MUD VOLCANOES, GAS HYDRATES, AND CARBONATE FORMATION AT “WARM” SEEPS IN THE NORTHERN GULF OF MEXICO


HACKWORTH, Matthew, Geology and Geophysics, Louisiana State University, Baton Rouge, LA 70802, mhackwo@lsu.edu

Seafloor venting of fluidized sediment and hydrocarbons in the northern Gulf of Mexico (GOM) creates a variety of features (gas hydrate mounds, mud volcanoes, and carbonate sediments) that play an important role in the surface geology of the continental slope. The GOM contains extensive gas hydrate accumulations that are composed of both biogenic and thermogenic methane. Due to microbial consumption, little of this methane reserve escapes from sediments surrounding seeps. The process of anaerobic methane oxidation (AMO) in which hydrocarbons are oxidized via the reduction of sulfate, produces pore fluids that display sulfide depletion and simultaneous bicarbonate and hydrogen sulfide enrichments. These microbially-mediated reactions affect dissolved inorganic carbon equilibria and produce calcium-magnesium carbonate byproducts.

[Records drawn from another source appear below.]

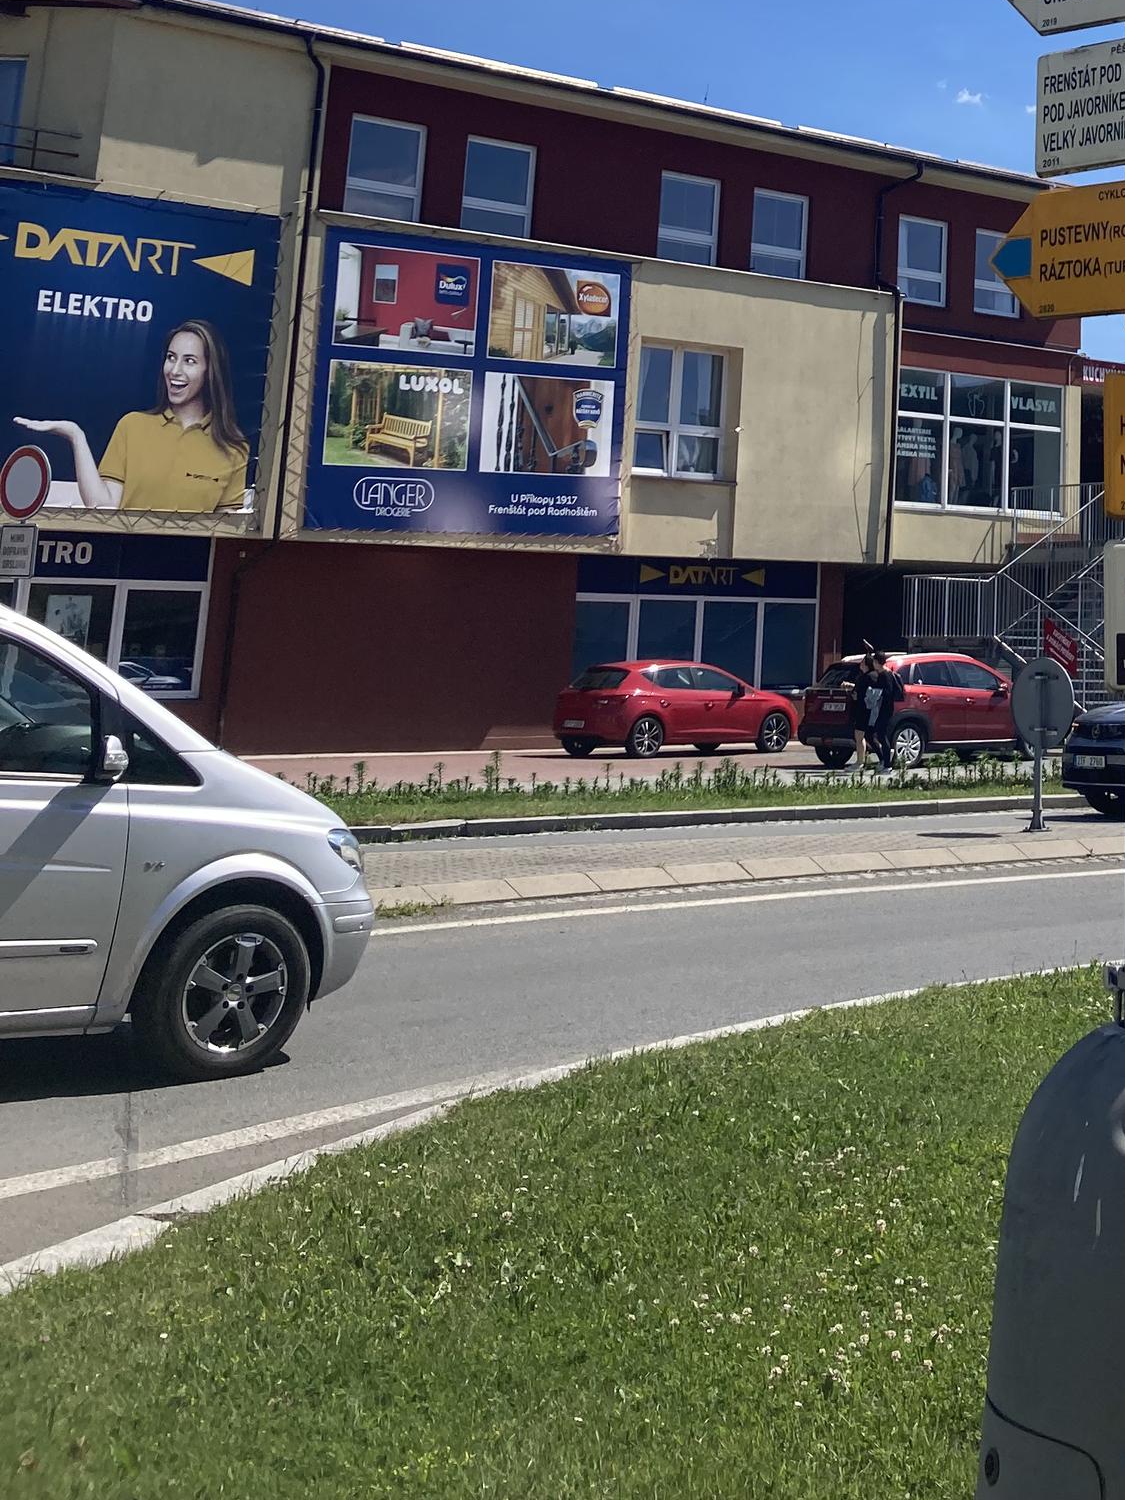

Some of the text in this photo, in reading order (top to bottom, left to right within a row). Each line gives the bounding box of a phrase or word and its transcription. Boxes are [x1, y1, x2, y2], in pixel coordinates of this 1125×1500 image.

[1043, 64, 1098, 96] FRENŠTÁT
[1100, 65, 1122, 86] POD
[1043, 104, 1064, 124] POD
[1043, 125, 1077, 152] VELKÝ
[1040, 221, 1109, 248] PUSTEVNY
[14, 221, 196, 276] DATART
[1039, 256, 1101, 282] RÁZTOKA
[439, 280, 465, 290] Dulux
[37, 289, 153, 322] ELEKTRO
[399, 374, 464, 395] LUXOL
[1011, 396, 1056, 413] VLASTA
[362, 481, 426, 507] LANGER
[511, 493, 578, 506] U Příkopy 1917
[375, 507, 411, 517] DROGERIE
[488, 504, 598, 517] Frenštát pod Radhoštěm
[669, 565, 739, 585] DATART
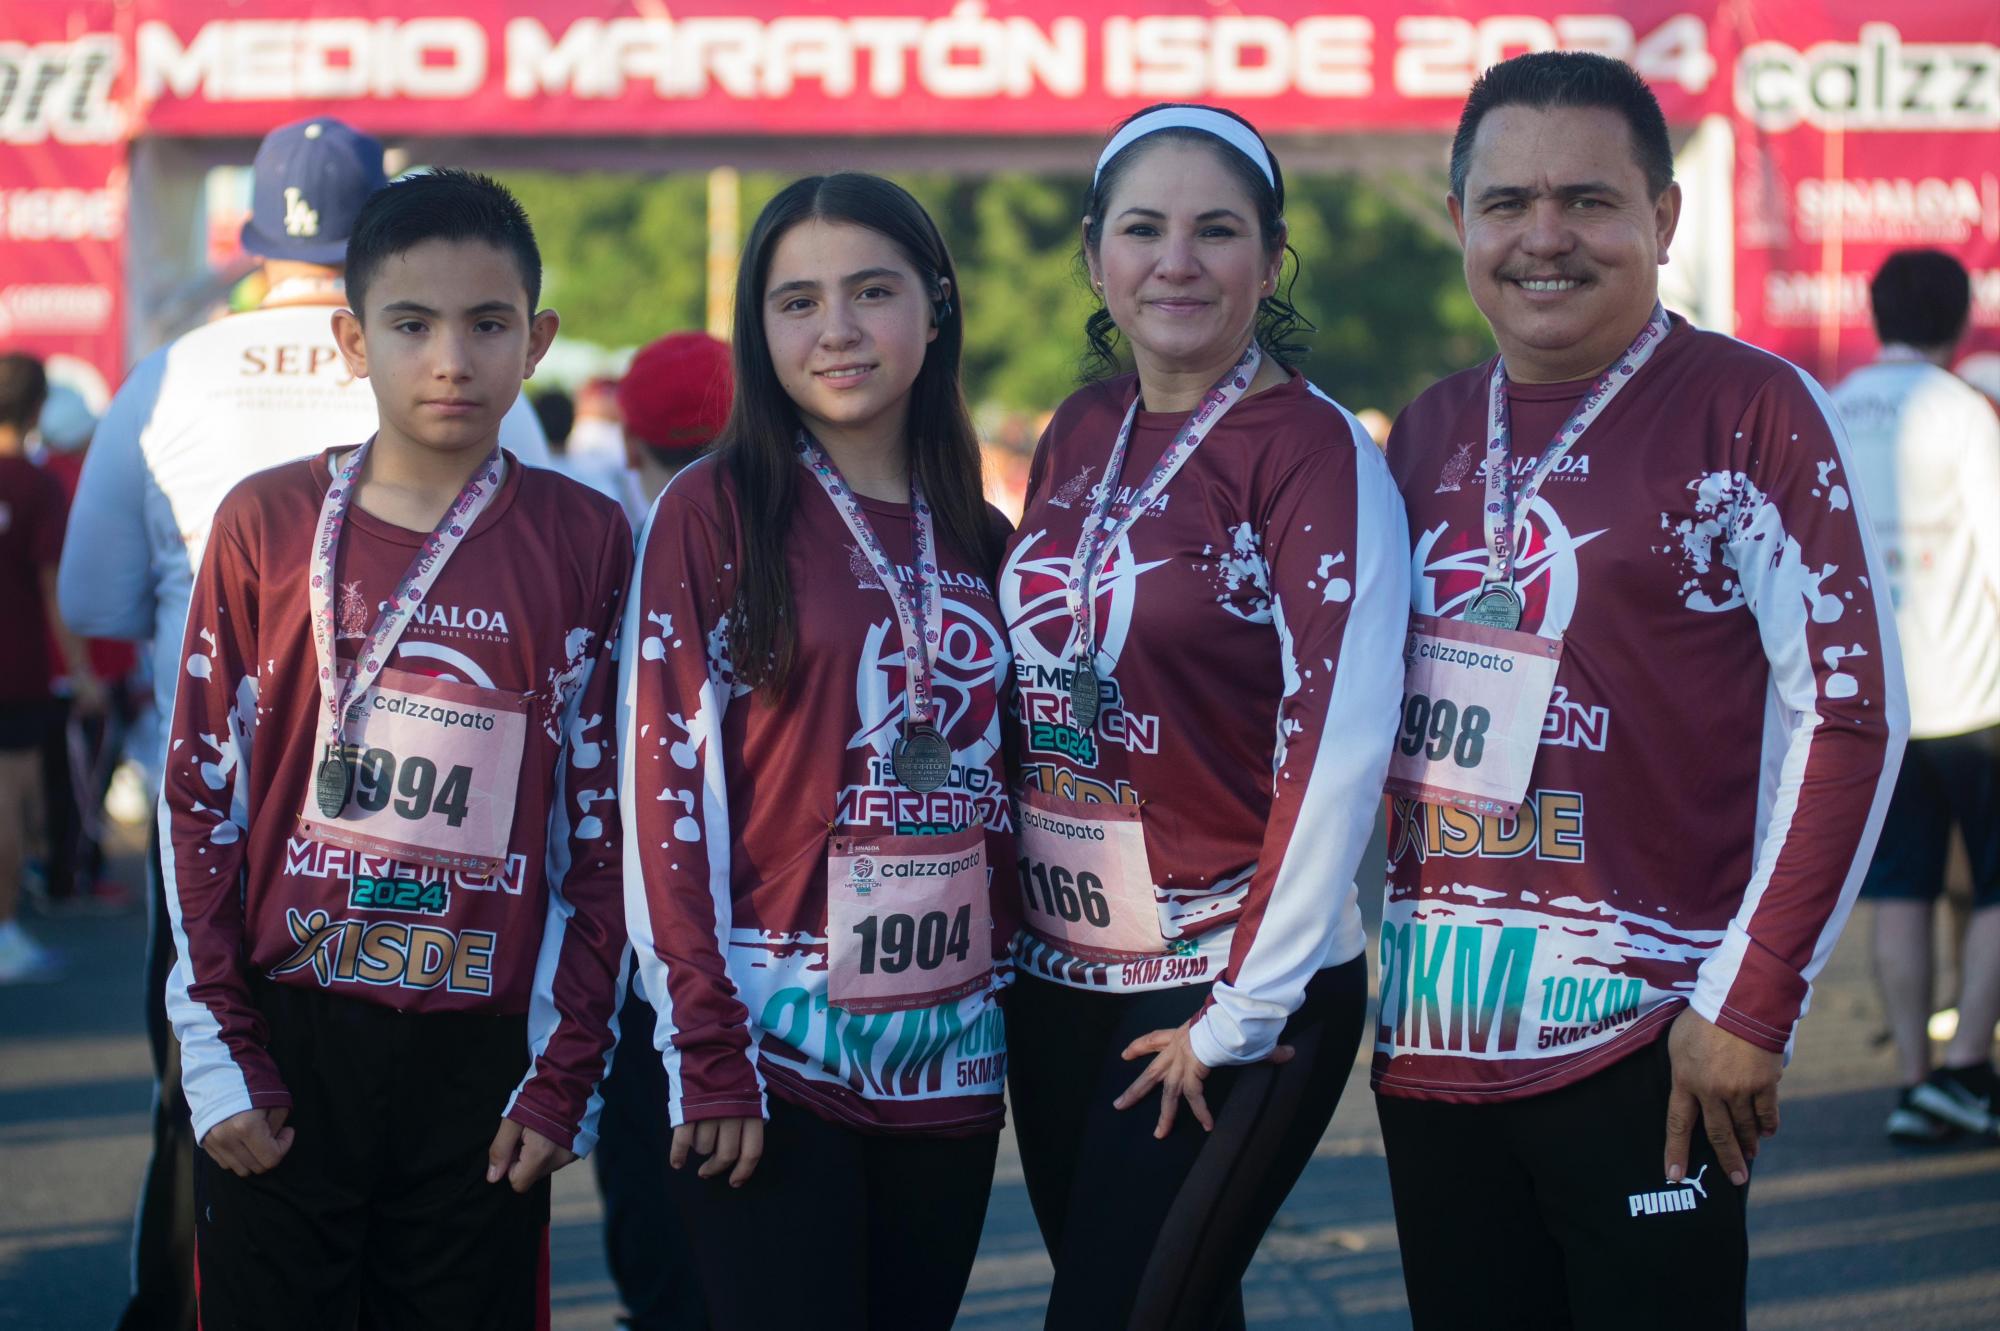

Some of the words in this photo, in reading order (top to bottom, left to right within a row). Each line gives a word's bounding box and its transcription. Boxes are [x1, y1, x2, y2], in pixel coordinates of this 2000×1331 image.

[136, 17, 487, 99] MEDIO
[506, 0, 1086, 98] MARATÓN
[1106, 16, 1374, 98] ISDE
[1741, 38, 2000, 118] calzz
[1475, 454, 1590, 477] SNAOA
[421, 541, 445, 574] SALUD
[896, 565, 992, 595] INLOA
[378, 600, 509, 634] NALOA
[441, 630, 461, 639] DEL
[467, 632, 510, 644] ESTADO
[1420, 642, 1514, 673] calzzapato
[373, 695, 495, 731] calzzapato
[1031, 723, 1096, 765] 2024
[943, 764, 990, 792] DIO
[1024, 812, 1104, 840] calzzapato
[1427, 789, 1585, 863] ISDE
[881, 852, 980, 878] calzzapato
[351, 877, 448, 913] 2024
[1018, 856, 1111, 928] 1166
[852, 904, 972, 975] 1904
[333, 919, 497, 996] ISDE
[1121, 959, 1161, 986] 5KM
[1377, 920, 1538, 1053] 21KM
[1539, 975, 1643, 1023] 10KM
[1628, 1188, 1697, 1217] PUMA

Push cores (20-30 cm long, sampled in 2000 with the submersible Alvin) have been analyzed from Green Canyon lease block 272 in the northern GOM. Located at 700 m water depth, the area contains a complex of gas hydrates and mud volcanoes at the seafloor where fluid mud mixed with hydrocarbons is actively being extruded. Pore fluid chemistry from GC 272 sediments indicates that biogenic methane venting drives intense AMO in this area. Pore fluid dissolved inorganic carbon (DIC) has δ13C as light as –52 ‰ PDB and radiocarbon measurements of pore fluid DIC indicate the seepage of fossil biogenic methane to these shallow sediments as opposed to biogenic methane derived from in situ organics.

Authigenic carbonates in the sediments form cm-sized nodules composed of dolomite and high-magnesium calcite. GC 272 sediments also contain pseudomorphs of the calcium carbonate hexahydrate mineral ikaite (CaCO3 + 6H2O) and represent the first known occurrence of this mineral in the GOM. Carbonate δ13C values range from –40 to –13 ‰ PDB, an indication that the carbonates form near the sediment-water interface from a biogenic methane source. Carbonate δ18O values are particularly varied, ranging from –6.65 to +4.38 ‰ PDB. In the rapid flux setting exemplified by mud volcano formation, considerable heat as well as fluidized sediment and hydrocarbons are transported to the seafloor. Stable isotopes of oxygen imply carbonate nodule formation at temperatures as high as 50˚ C, the first mineral records of “warm” GOM vents.